The present study has certain limitations. The calculated sample size of 17 patients per group to achieve a power of 80% was not reached. The high rate of intraoperative drop-outs was not expected and the study must be regarded as underpowered. In addition, the study was started only shortly after the introduction of the all-inside ACL reconstruction technique in our department. Possible later improvements in the technical performance of a new technique over time (the learning curve) must therefore be regarded as a limitation of the study. The femoral tunnel reaming technique was not unique in the group with all-inside button fixation. Angulation of the femoral tunnel has been reported to affect femoral tunnel widening. Transtibial tunnel drilling has been reported to show more femoral tunnel widening in comparison with the medial portal or outside-in drilling techniques [22, 43]. However, the initial increase in femoral tunnel widening after 6 months cannot be explained by the outside-in femoral tunnel drilling, as the latter was associated with less femoral tunnel widening in this group. The tunnel location did not differ between medial portal and outside-in drilling.

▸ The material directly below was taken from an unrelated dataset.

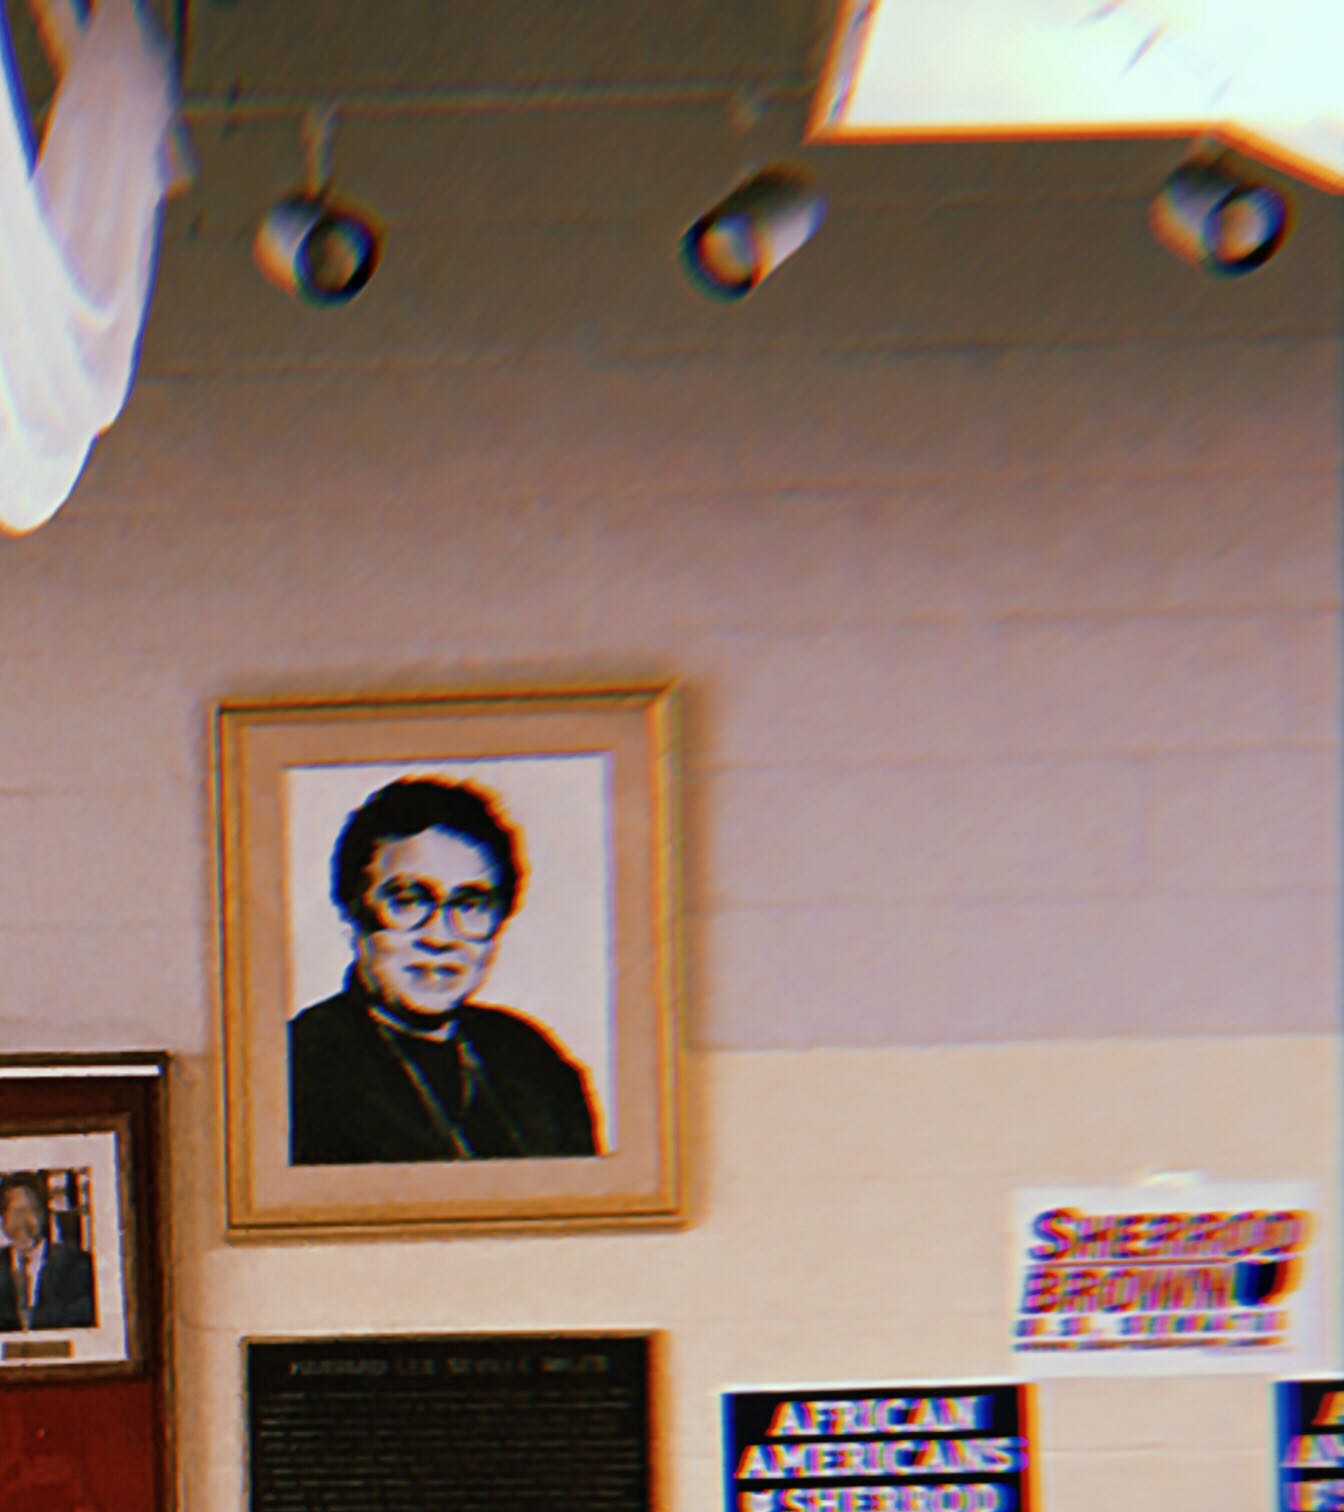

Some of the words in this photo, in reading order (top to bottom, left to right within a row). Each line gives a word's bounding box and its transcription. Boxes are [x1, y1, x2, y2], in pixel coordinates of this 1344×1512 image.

Strengths of the present study include its prospective randomized trial design, with longitudinal tunnel widening volume assessment on CT scans. CT is the most accurate image modality for assessing tunnel widening after ACL reconstruction [26, 30]. The clinical relevance of this study is that ACL reconstruction with tibial button fixation results in smaller tunnels in comparison with screw fixation; this may be advantageous if revision ACL reconstruction is required.

Conclusions

All-inside ACL reconstruction using button fixation was associated with less tibial tunnel widening and smaller tunnels after 2 years in comparison with ACL reconstruction using screw fixation. There were no significant differences in the clinical outcome between the two groups.